Wednesday, January 13, 2010

Fuck That Shit.

Another day, another treading-treacle cold. My walk so slow, thought patterns end without resolution and don't bother to ask what comes next. I dream strange, restless dreams of packing and repacking suitcases and wake up confused, sheets in a twirl at the foot of my bed. Aching to write, my fingers seem unable to produce meaning and prefer to push repeat on my music player.

It's amazing how difficult it is to write when not out of honesty. My head bursts with topics, with points to make, but when my heart is elsewhere, the words fall trite on the cutting-room floor of my literary endeavors. It is like with children, they see straight through your fabrications, and they form their relationships with you on the person you actually are. Perhaps that's what it is. The words see through my flimsy attempts at escape and wait for more honest attempts. At Anything. I am nothing if not grateful.
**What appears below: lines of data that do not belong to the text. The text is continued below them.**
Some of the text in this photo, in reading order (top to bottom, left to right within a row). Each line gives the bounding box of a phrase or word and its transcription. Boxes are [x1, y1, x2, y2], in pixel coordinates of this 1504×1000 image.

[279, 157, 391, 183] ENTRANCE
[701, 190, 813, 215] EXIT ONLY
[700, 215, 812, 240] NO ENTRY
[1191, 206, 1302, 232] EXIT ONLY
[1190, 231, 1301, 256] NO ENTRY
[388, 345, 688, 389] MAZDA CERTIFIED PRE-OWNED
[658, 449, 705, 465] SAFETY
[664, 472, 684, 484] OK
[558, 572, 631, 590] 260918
Such a gray day in Manhattan. Thankfully, somebody else has already said it, and better. Fuck that shit.

1 comment:

  1. In one of my many little moleskine notebooks I have started with the following advice from a site I never managed to find again:
    -Stop hiding who you really are. Who are you, what do you stand for?
    -Start being intensely selfish. Get hungry for the things you really want, don't waste your time on the rest
    -Be creative, stop following the rules
    -Be creative, explore the edges, start scaring yourself
    -Stop taking it all so damn seriously
    -Take action, stop being busy. Don't keep digging if it is the wrong hole.
    and, for you my dear,
    -Start something. Don't put it off any longer. Just start, and the right path will get clearer as you go along.

    So maybe you just need to start writing. Not the right thing, or the best thing, or the first chapter, or with the whole story ready, but just start?